[Spatial localization data]
Start of Block

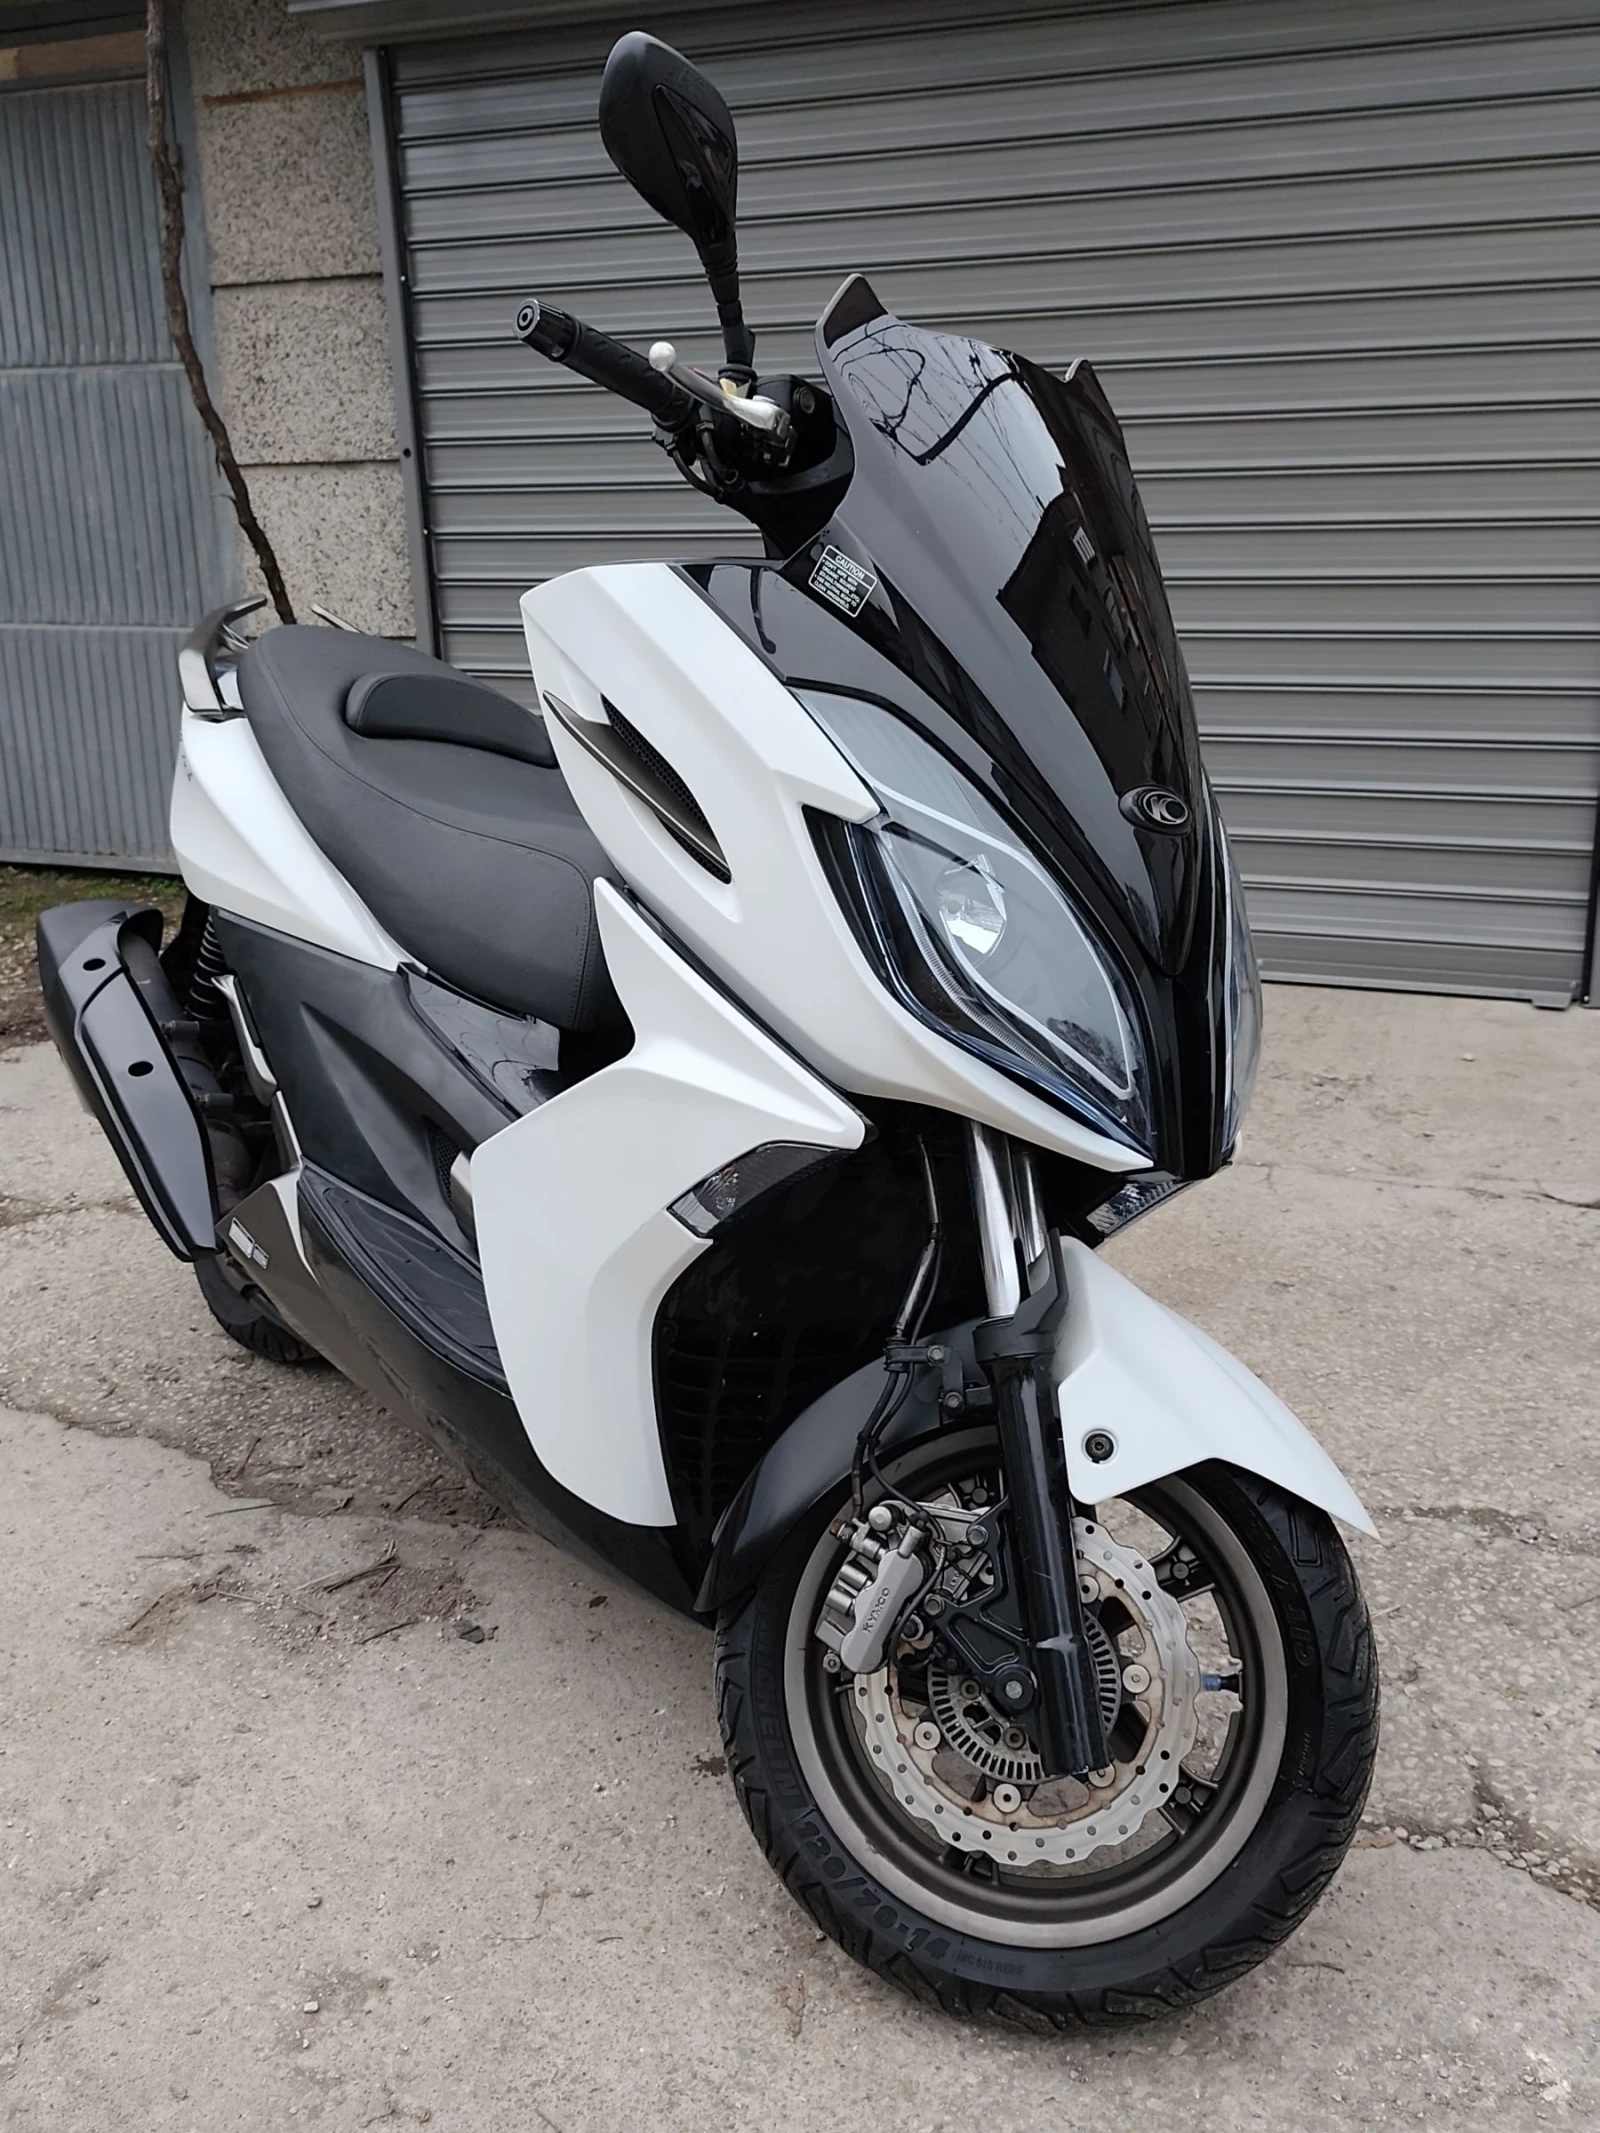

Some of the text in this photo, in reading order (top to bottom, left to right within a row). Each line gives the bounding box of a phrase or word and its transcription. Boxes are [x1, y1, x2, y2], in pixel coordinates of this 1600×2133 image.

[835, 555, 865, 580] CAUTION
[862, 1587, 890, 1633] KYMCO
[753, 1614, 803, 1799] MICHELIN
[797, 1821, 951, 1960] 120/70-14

End of Block

Retype the whole of the data verbatim. Skip every picture.

◆ **RESULT**
Some of the text in this photo, in reading order (top to bottom, left to right within a row). Each line gives the bounding box of a phrase or word and its transcription. Boxes are [x1, y1, x2, y2], in pixel coordinates of this 1600×2133 image.

[835, 555, 865, 580] CAUTION
[862, 1587, 890, 1633] KYMCO
[753, 1614, 803, 1799] MICHELIN
[797, 1821, 951, 1960] 120/70-14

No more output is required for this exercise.